- **Task details**
Every line of the data below must be output exactly, with images left out.

- **Material provided**
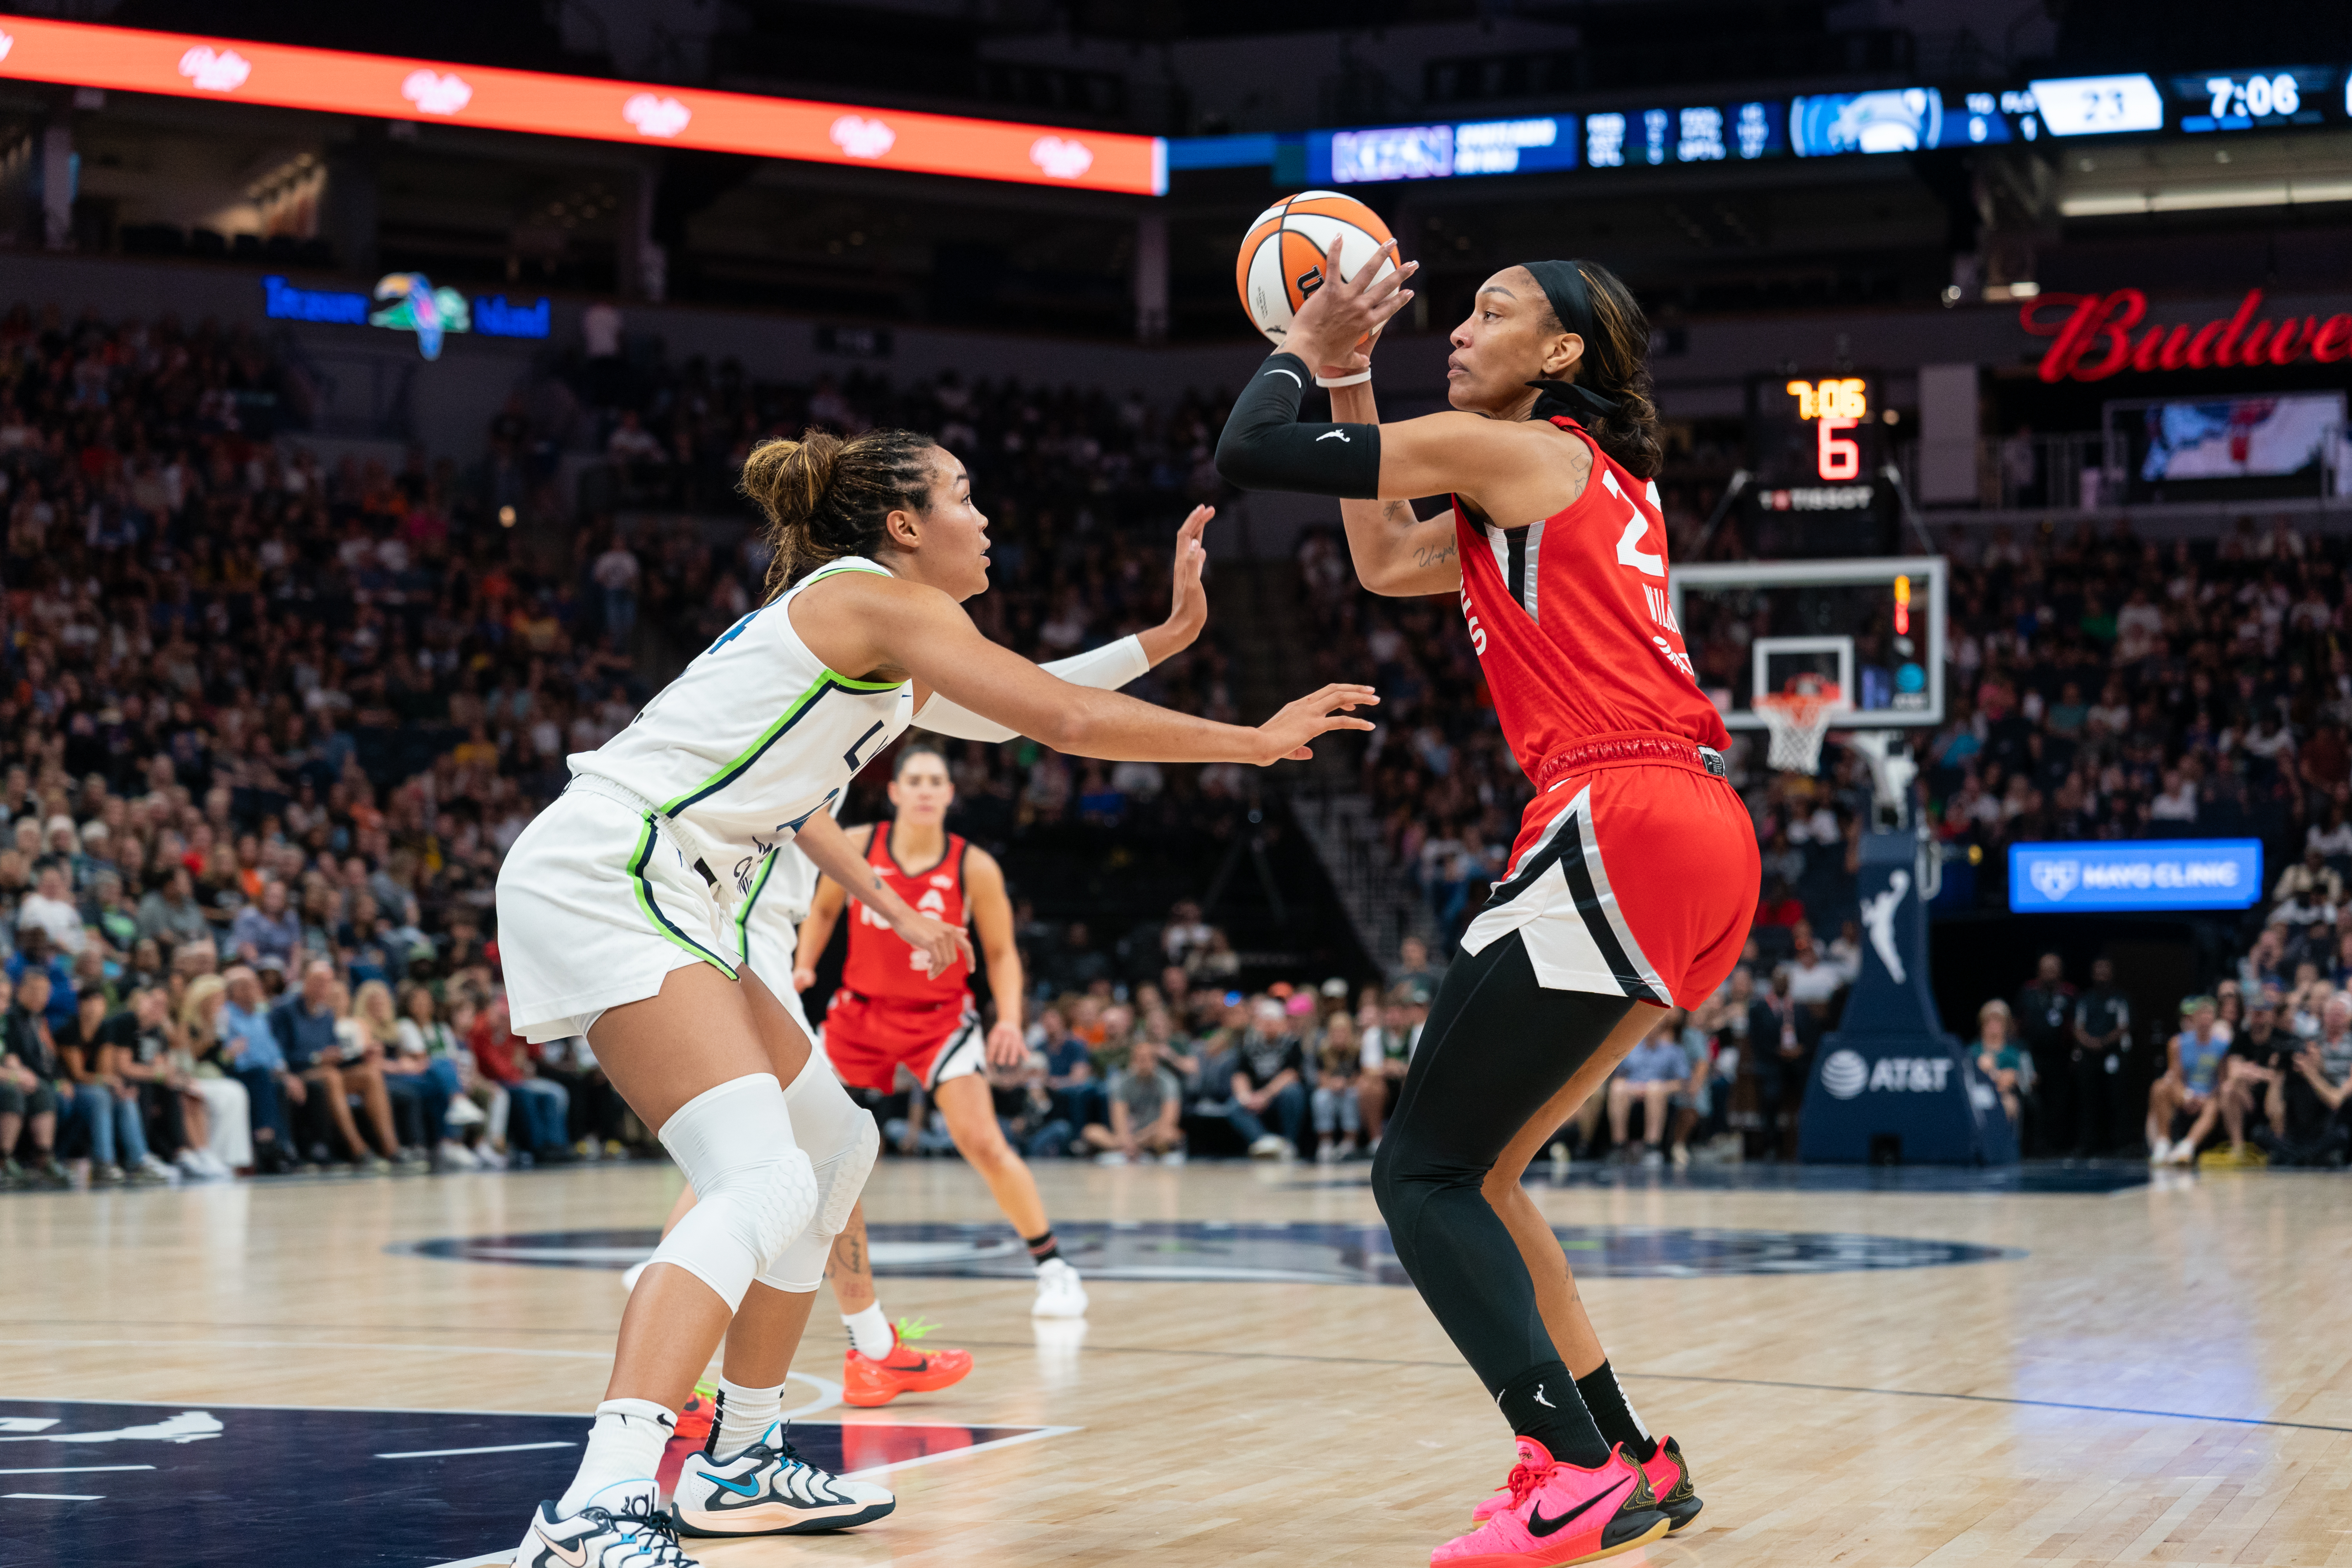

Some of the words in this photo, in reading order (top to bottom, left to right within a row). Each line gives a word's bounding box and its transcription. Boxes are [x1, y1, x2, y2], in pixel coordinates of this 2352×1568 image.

[2206, 72, 2300, 119] 7:06
[1818, 416, 1859, 480] 6
[1869, 1057, 1954, 1093] AT&T
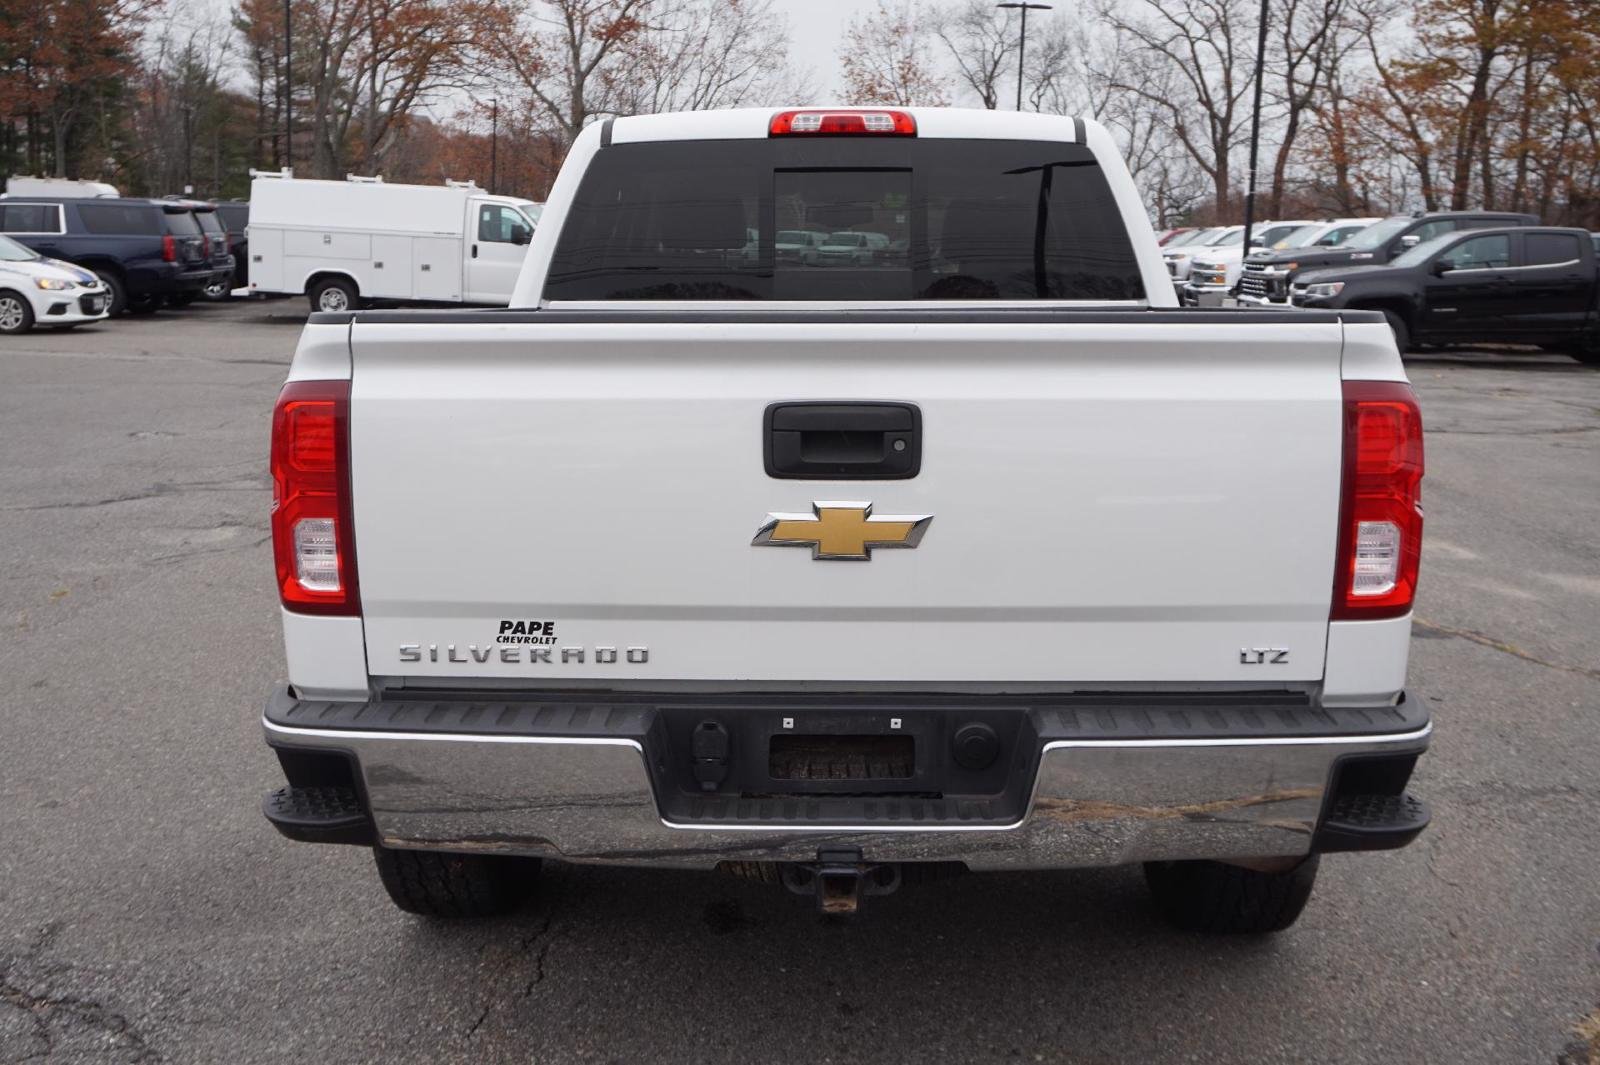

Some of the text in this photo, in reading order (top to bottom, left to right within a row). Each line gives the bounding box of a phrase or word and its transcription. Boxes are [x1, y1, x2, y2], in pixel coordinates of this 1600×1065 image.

[499, 620, 555, 636] PAPE
[496, 635, 558, 645] CHEVROLET
[398, 644, 649, 664] SILVERADO
[1240, 647, 1289, 664] LTZ
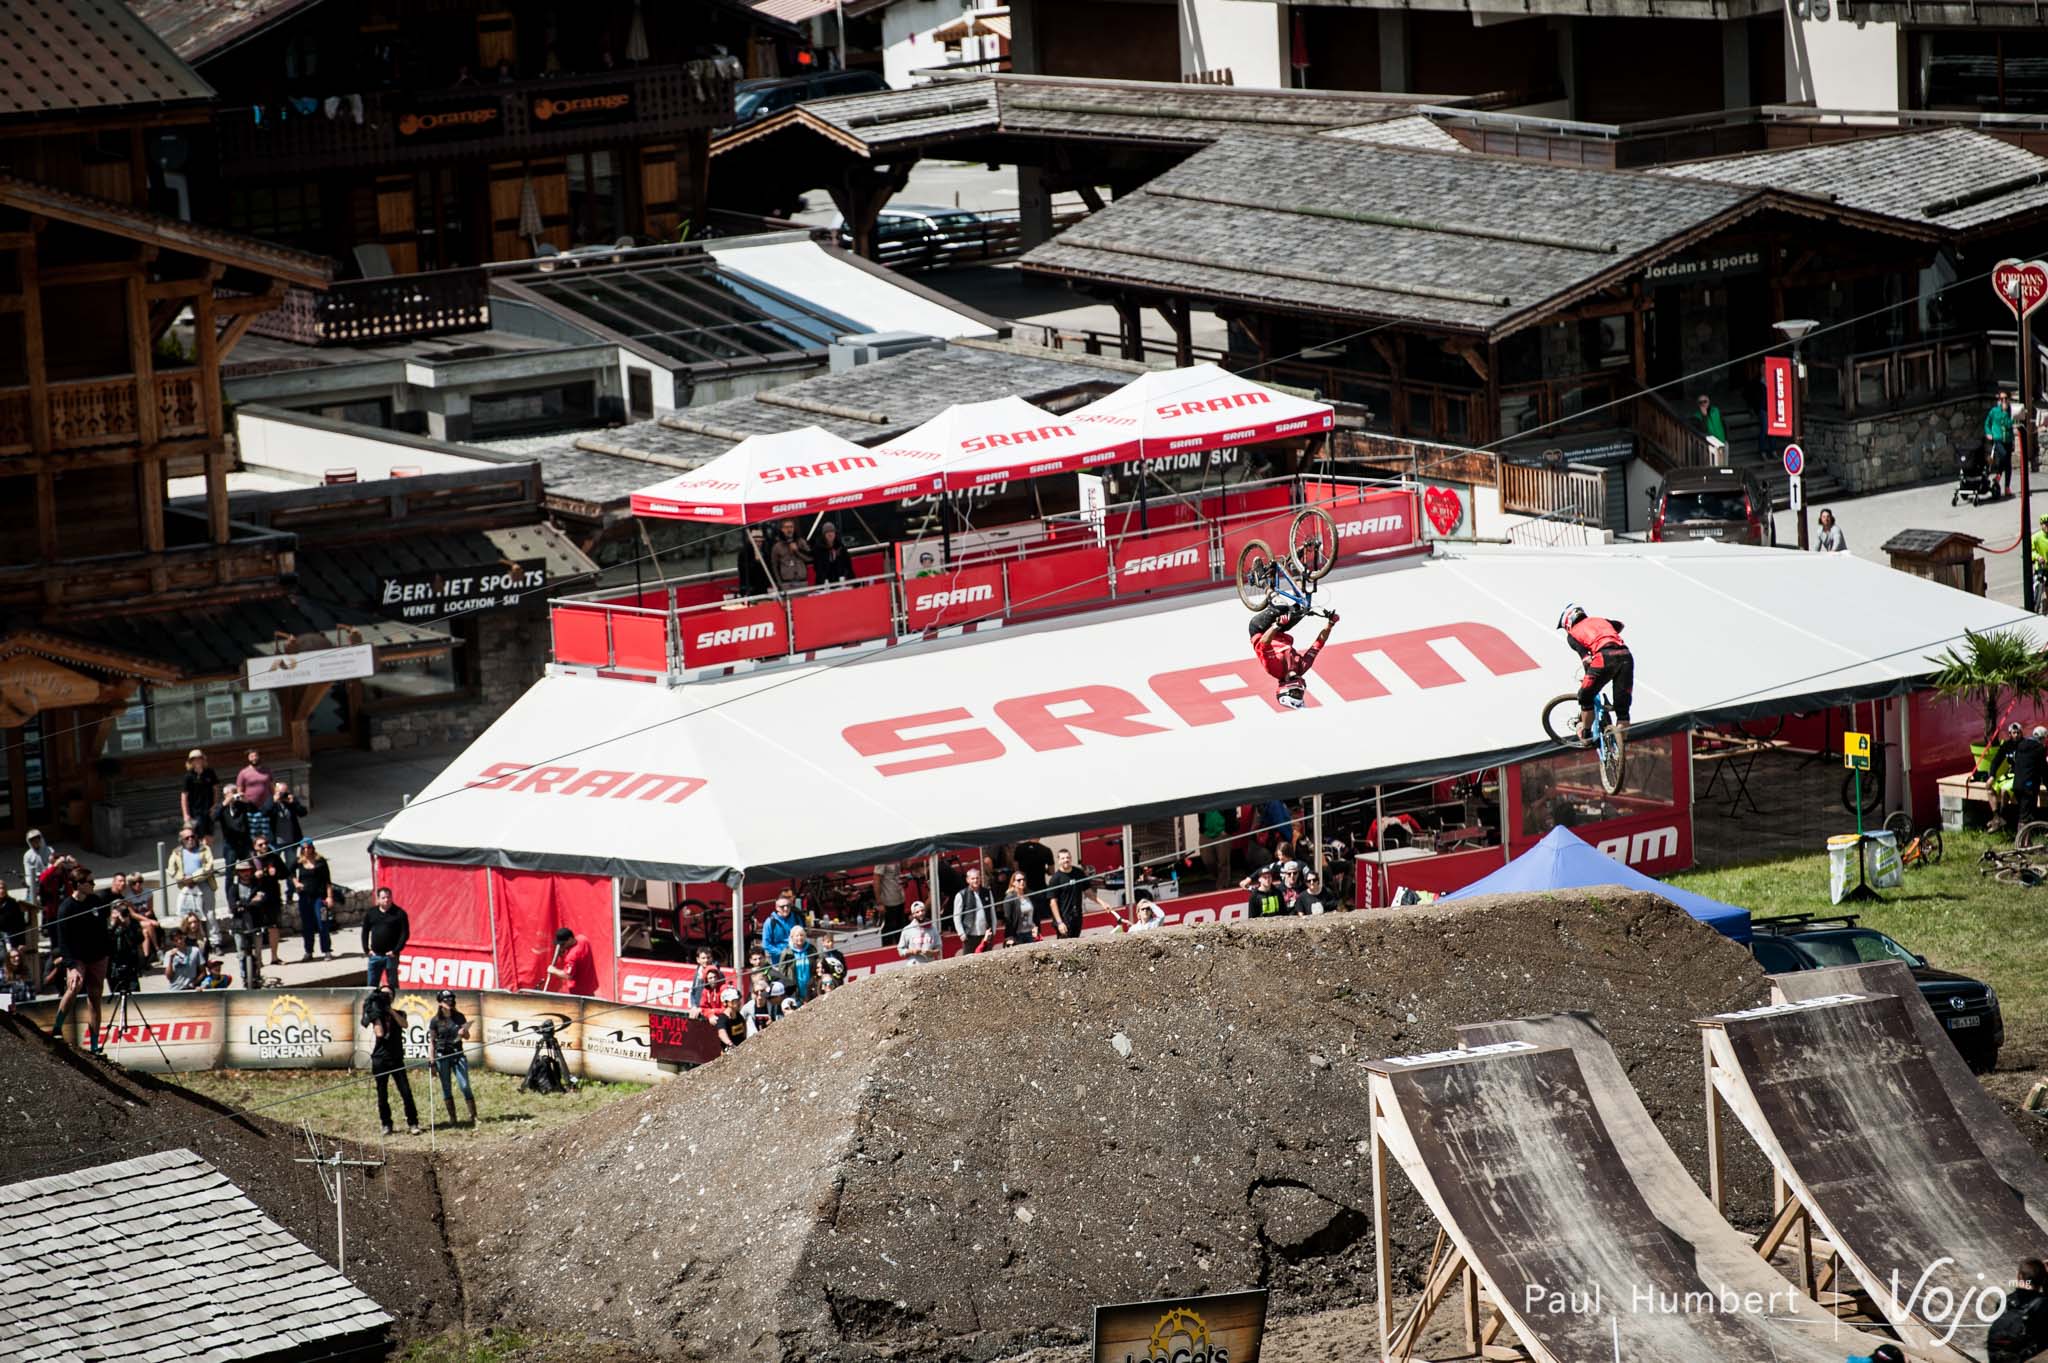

- **The answer**
Some of the words in this photo, in reading order (top to bottom, left to right within a row). Each line gives a word's bounding box and its transcription. Boxes are [x1, y1, x2, y2], in pixel coordinates of this 2352×1568 image.

[2206, 72, 2300, 119] 7:06
[1818, 416, 1859, 480] 6
[1869, 1057, 1954, 1093] AT&T

Some of the text in this photo, in reading order (top to bottom, left to right within a row). Each line gives the bounding box of a phrase or word and its transcription. Boxes are [x1, y1, x2, y2], in pixel coordinates of this 1600×1065 image.

[499, 620, 555, 636] PAPE
[496, 635, 558, 645] CHEVROLET
[398, 644, 649, 664] SILVERADO
[1240, 647, 1289, 664] LTZ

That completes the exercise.